開場時間にエレベーターで劇場のあるフロアに行く。さすがに色々なところからの花が来ている。編集部の名義で東京公演の初日にちゃんと花を贈っておいたのに、またもや表に飾られておらず、楽屋へ一直線だったようだ。ライブのときにも花は贈っているんだけどなぁ。もっと大きな花を贈ればいいのだろうが、なにぶん予算というものがあるのだ。
ロビーで飲み物を買っていると、私の後ろをはねちゃんのマネージャーである池田さんが通ったような気がしたが、まぁいいか。どうせ終演後には楽屋に行けば会うことだし。今日観に行くことは一応は内緒だし。
私の席はR席の真ん中というもの。ほとんど一番後ろといっていい。補助席も出ており、満員御礼というところ。私の隣の女性は野口五郎のファンらしい。
やはり観客が入っていると舞台は違いますねぇ。明らかに観客の笑い声に舞台上の俳優が反応し、またそれに観客が反応する。今回も俳優が観客に背を向け笑いをこらえるというシーンが。もちろん、はねちゃんも笑いをこらえている。ようやるよな。

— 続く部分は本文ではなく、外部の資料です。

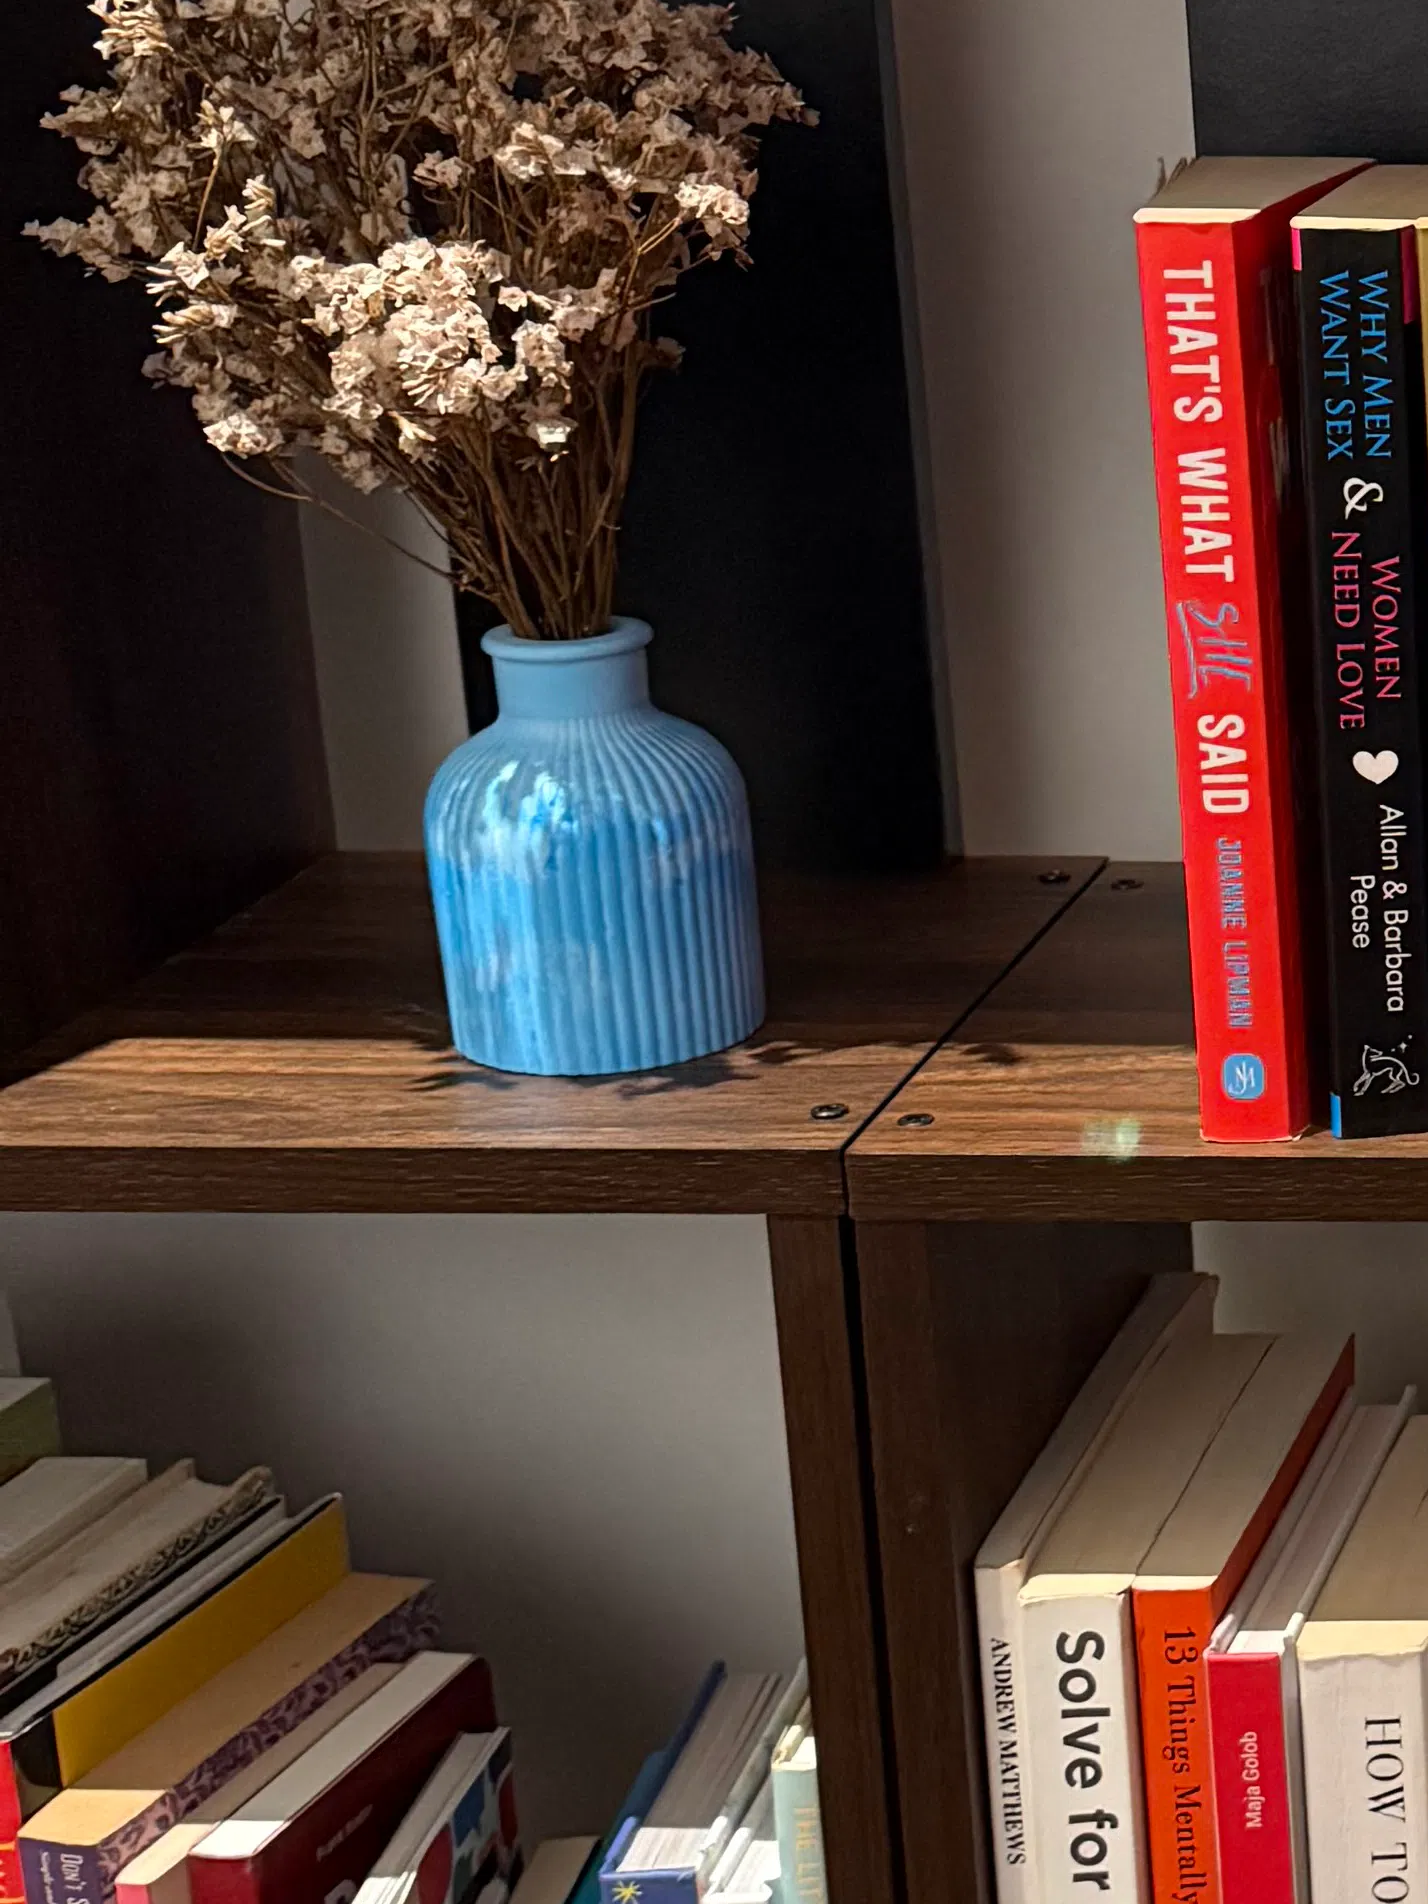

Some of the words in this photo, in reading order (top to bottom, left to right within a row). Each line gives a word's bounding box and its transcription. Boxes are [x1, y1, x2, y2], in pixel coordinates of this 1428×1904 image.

カーテンコールが終わり、観客もある程度ひけたところで、楽屋の方へとお邪魔する。
「お疲れさま〜〜」
「いつもすみません。お忙しいところ、わざわざ来ていただいて」
「今日はなかなか盛況だったね」
「ホント、今日のお客さんはいいお客さんでした」
「また笑かされていたね」
「あそこのシーンは油断も隙もあったものじゃないんですよ。毎回違うネタを仕入れてくるんだから」
などとはねちゃんと話しているところに池田さん登場。
「池田さん、野村さんが来てくれたの」
「うん、知ってる。さっき始まる前にロビーで見かけたから。どうせ終わったらたずねてくるだろうと思って声かけなかった」
「あらま、目立たないようにしていたんだけど」
「充分目だっていたよ。仕事落ち着いたの? どうせ入稿済んでいないんでしょ?」
「全然。今日はさすがに家に帰るけど、明日の日曜はまた会社」
「お忙しいんですね。すみません、それなのにわざわざ来ていただいて」
「いいんだよ、どうせ野村さんは仕事が趣味みたいな人だし。はねの舞台やライブが仕事の息抜きになっているんだからさ」
「まぁね、否定はしませんけどね」

しかし、このはねちゃんと池田さんのコンビは相変わらず変である。生稲のあっこちゃんに言わせると、どちらがタレントでマネージャーだか分らない対応の仕方と言われているらしい。マスコミに対してもタレントの方はやたらと腰が低くて、マネージャーの方はため口。池田さんと僕は同い年ということもあって、完全にため口のききあいであるのは確かだ。

「ところでさぁ、Windows95って買ったの?」
「僕は無償アップグレードのやつだし、Microsoftからは編集部に送ってくるから買ってない」
「いや、Windowsのノート買おうかと思って」
芸能プロダクションのマネージャーさえ買おうと思うほど、Windows95は浸透しているのか?
などなどの無駄話をして、私は楽屋から追い出されたのである。

なお、「ブラックコメディ」は好評だったので、96年2月に再演が決まったとのこと(2月9日〜18日、13日は休演)。見逃した人はぜひどうぞ。ピーター・シェーファーの原作戯曲の面白さは折り紙つきだし、演出は萩本欽一。取り敢えず、観て損はないです。